• **What you have to do**: Write the records out exactly as shown. No pictures.

* * *

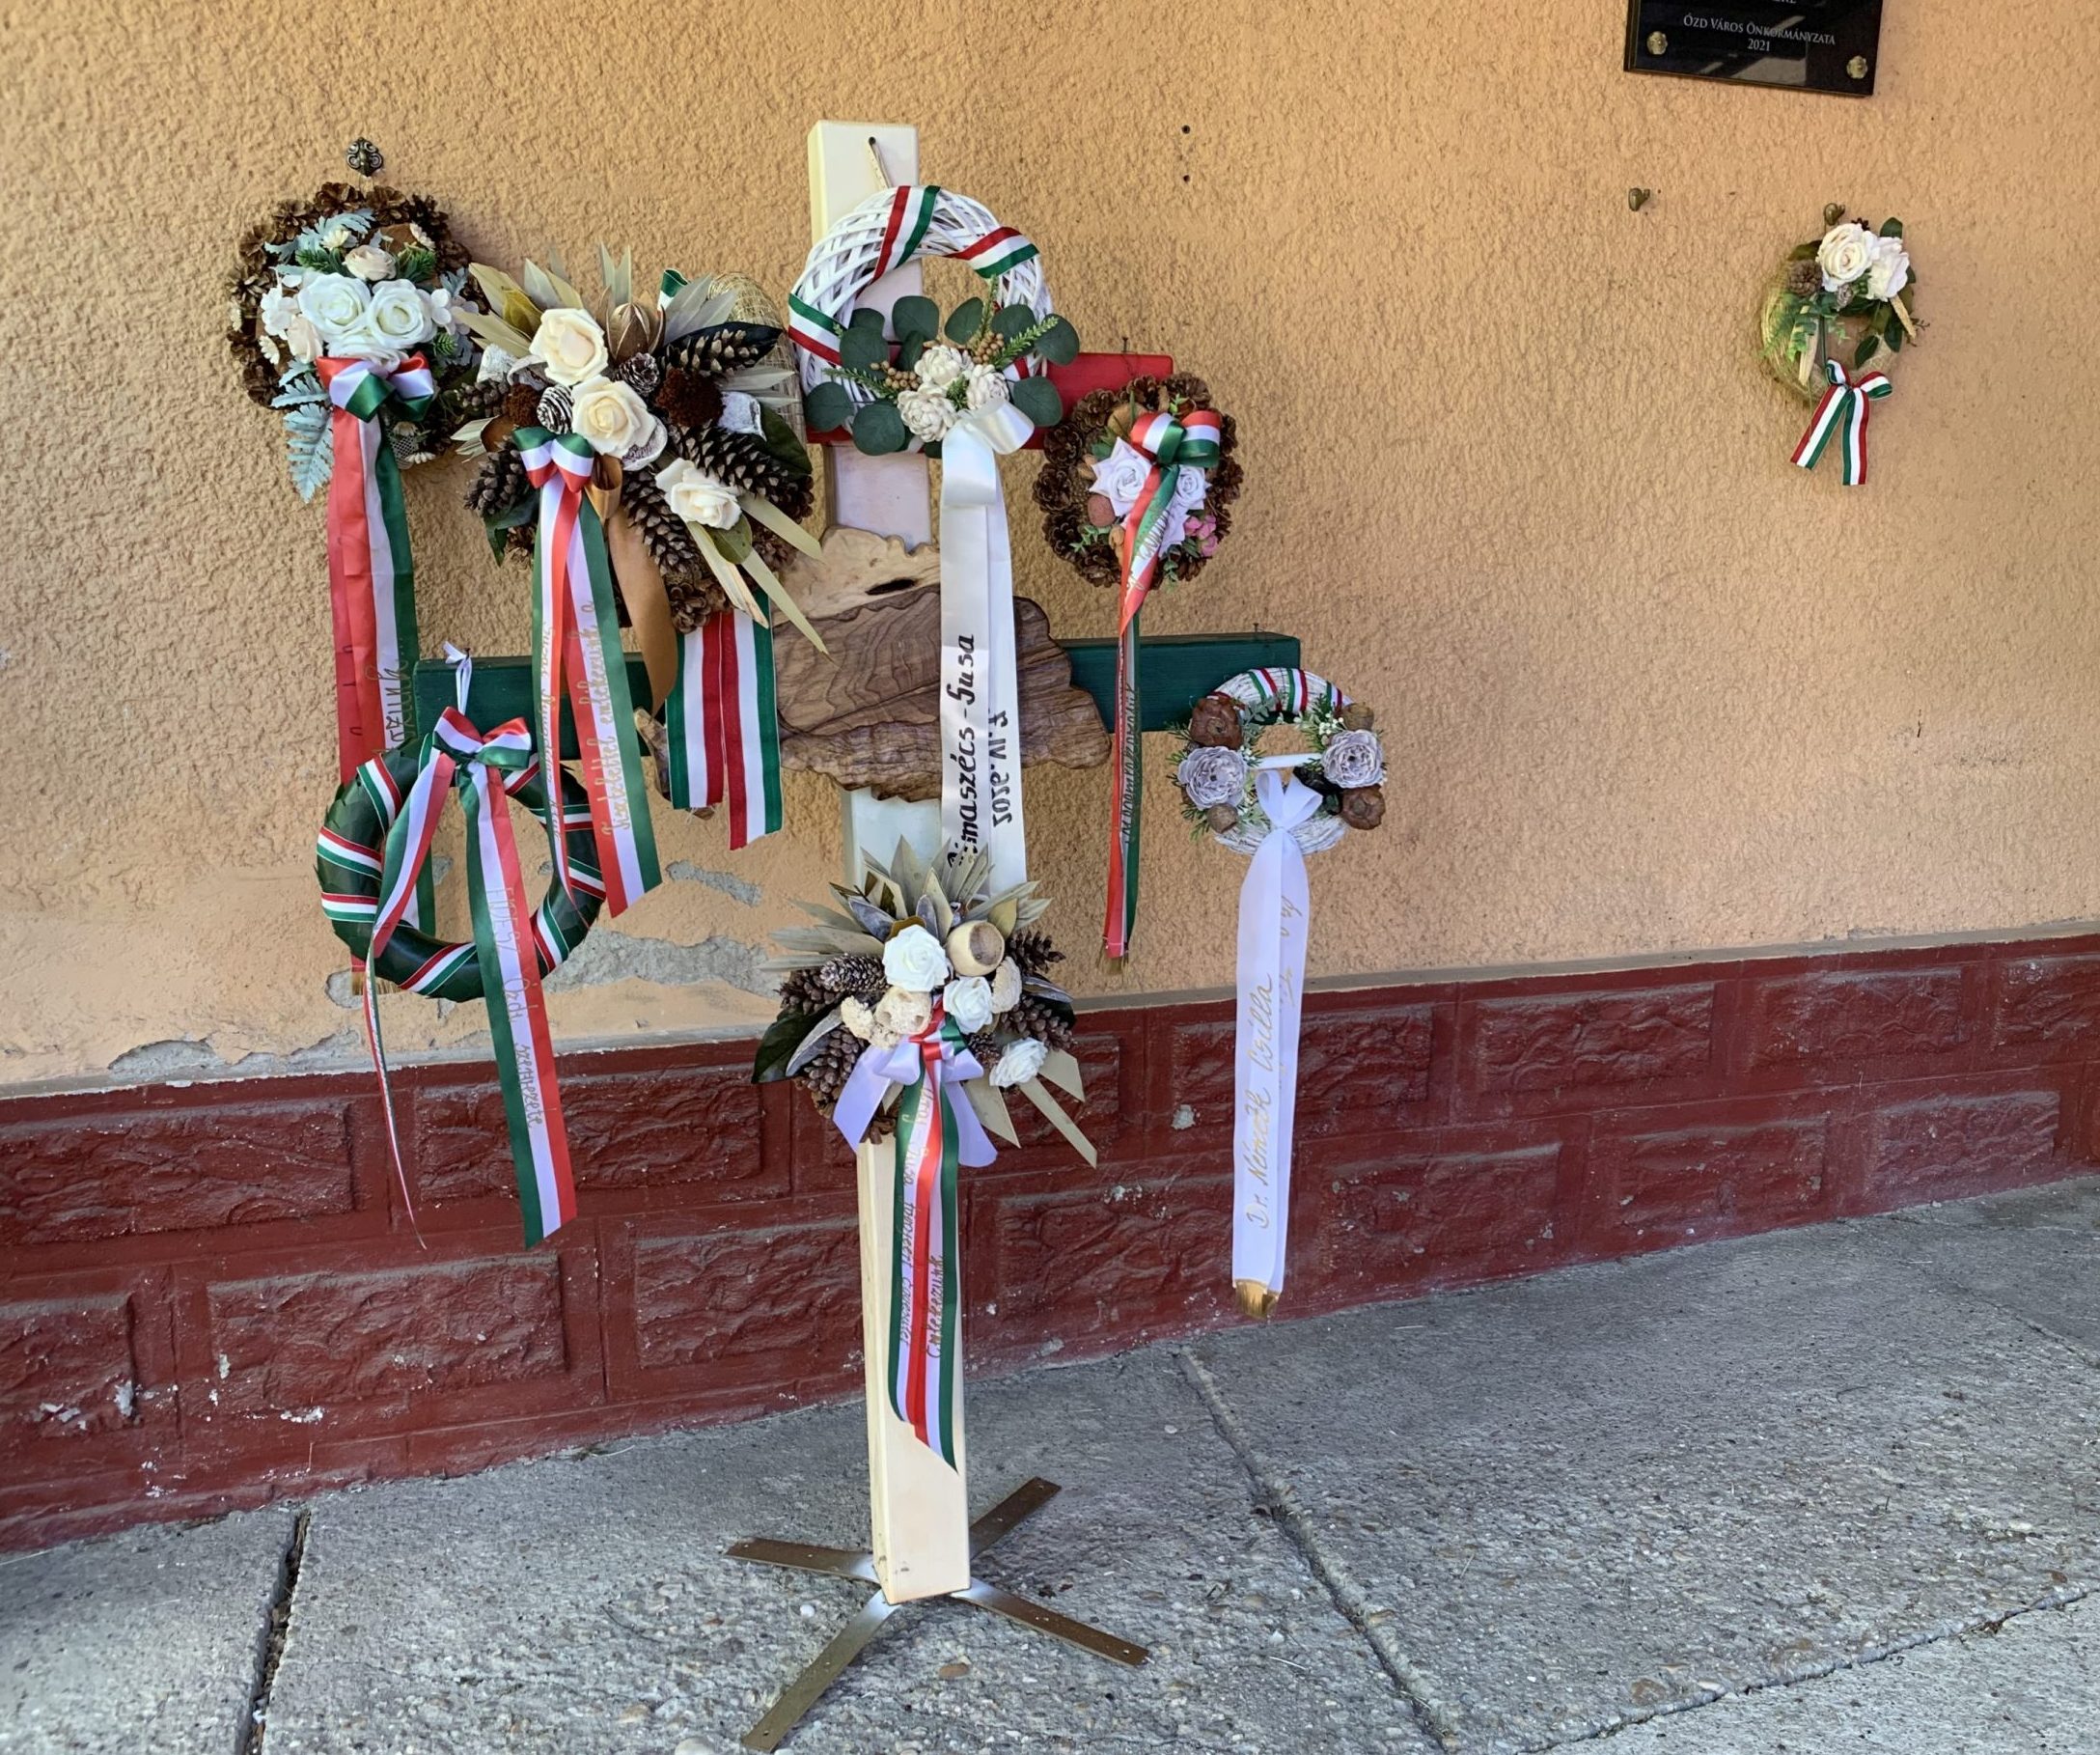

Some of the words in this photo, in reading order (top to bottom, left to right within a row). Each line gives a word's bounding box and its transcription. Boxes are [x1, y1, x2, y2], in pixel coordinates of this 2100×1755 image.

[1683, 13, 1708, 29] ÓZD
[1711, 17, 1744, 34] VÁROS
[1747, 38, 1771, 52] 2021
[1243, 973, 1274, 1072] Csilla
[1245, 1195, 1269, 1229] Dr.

* * *

• **Your response**:
Some of the words in this photo, in reading order (top to bottom, left to right within a row). Each line gives a word's bounding box and its transcription. Boxes are [x1, y1, x2, y2], in pixel coordinates of this 2100×1755 image.

[1683, 13, 1708, 29] ÓZD
[1711, 17, 1744, 34] VÁROS
[1747, 38, 1771, 52] 2021
[1243, 973, 1274, 1072] Csilla
[1245, 1195, 1269, 1229] Dr.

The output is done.